Problem statement:
Each record that follows goes into your reply unchanged; the pictures do not.

Dataset content:
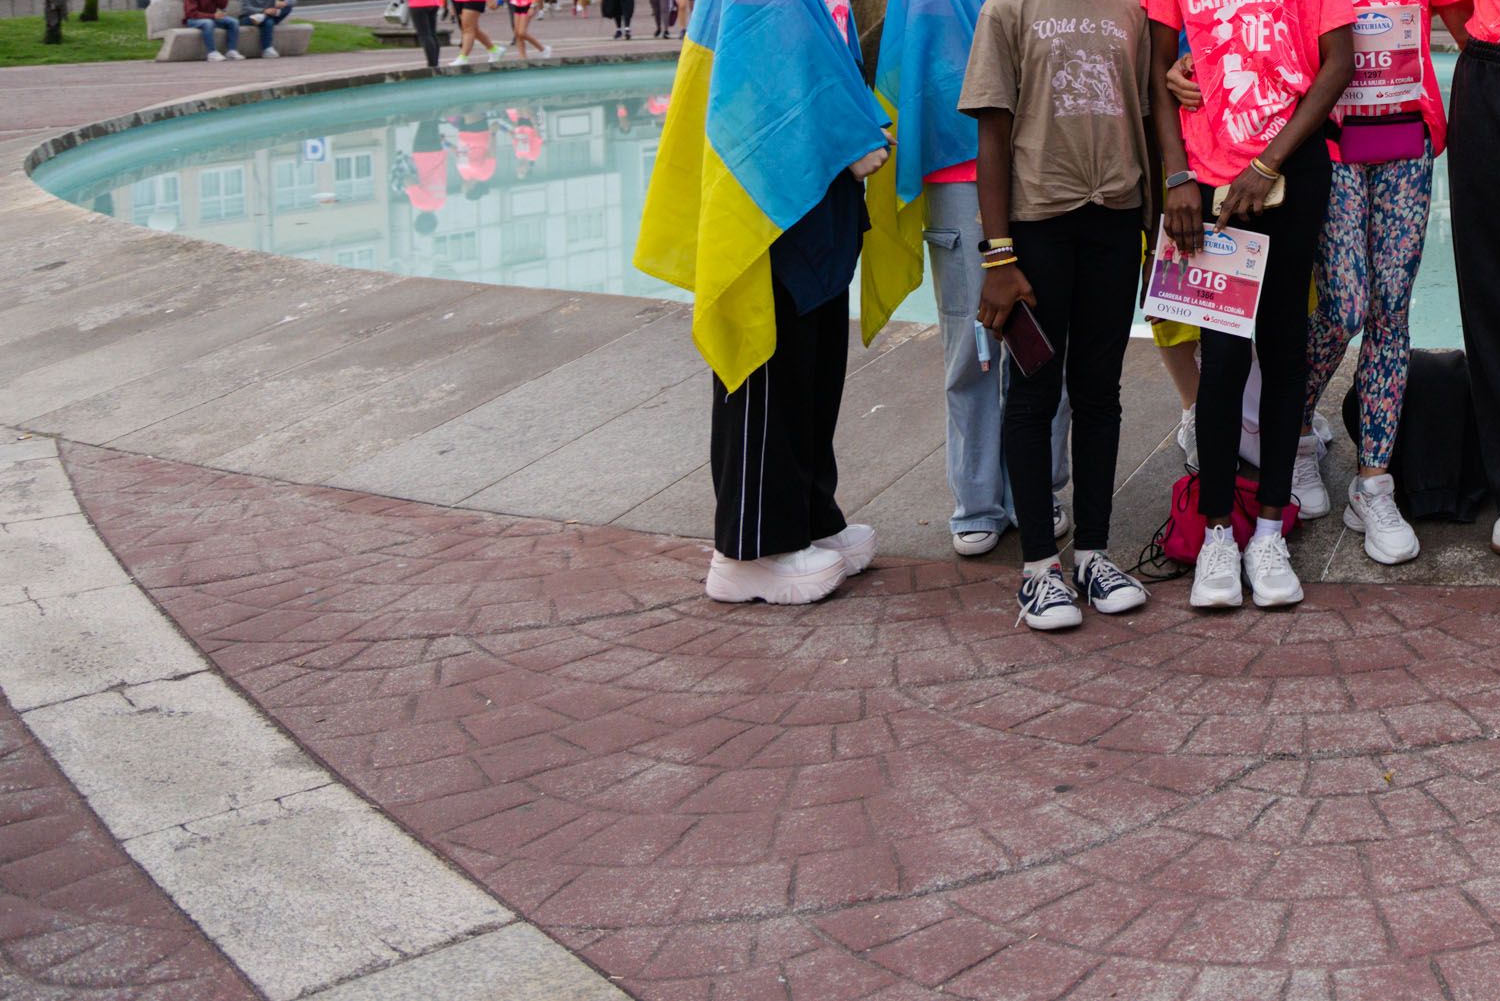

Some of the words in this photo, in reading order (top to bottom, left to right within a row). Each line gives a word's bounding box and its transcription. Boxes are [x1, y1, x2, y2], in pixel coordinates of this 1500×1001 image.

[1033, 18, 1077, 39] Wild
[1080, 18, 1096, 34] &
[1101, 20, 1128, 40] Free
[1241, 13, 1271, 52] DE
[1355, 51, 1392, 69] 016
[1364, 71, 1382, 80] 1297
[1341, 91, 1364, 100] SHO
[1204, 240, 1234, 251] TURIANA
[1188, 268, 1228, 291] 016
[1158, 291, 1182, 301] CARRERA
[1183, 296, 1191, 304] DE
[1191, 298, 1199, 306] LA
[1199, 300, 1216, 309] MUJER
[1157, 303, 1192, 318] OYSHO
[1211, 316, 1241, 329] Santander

Response area:
Some of the words in this photo, in reading order (top to bottom, left to right within a row). Each line gives a word's bounding box and its transcription. Boxes are [x1, y1, x2, y2], in pixel coordinates of this 1500×1001 image.

[1033, 18, 1077, 39] Wild
[1080, 18, 1096, 34] &
[1101, 20, 1128, 40] Free
[1241, 13, 1271, 52] DE
[1355, 51, 1392, 69] 016
[1364, 71, 1382, 80] 1297
[1341, 91, 1364, 100] SHO
[1204, 240, 1234, 251] TURIANA
[1188, 268, 1228, 291] 016
[1158, 291, 1182, 301] CARRERA
[1183, 296, 1191, 304] DE
[1191, 298, 1199, 306] LA
[1199, 300, 1216, 309] MUJER
[1157, 303, 1192, 318] OYSHO
[1211, 316, 1241, 329] Santander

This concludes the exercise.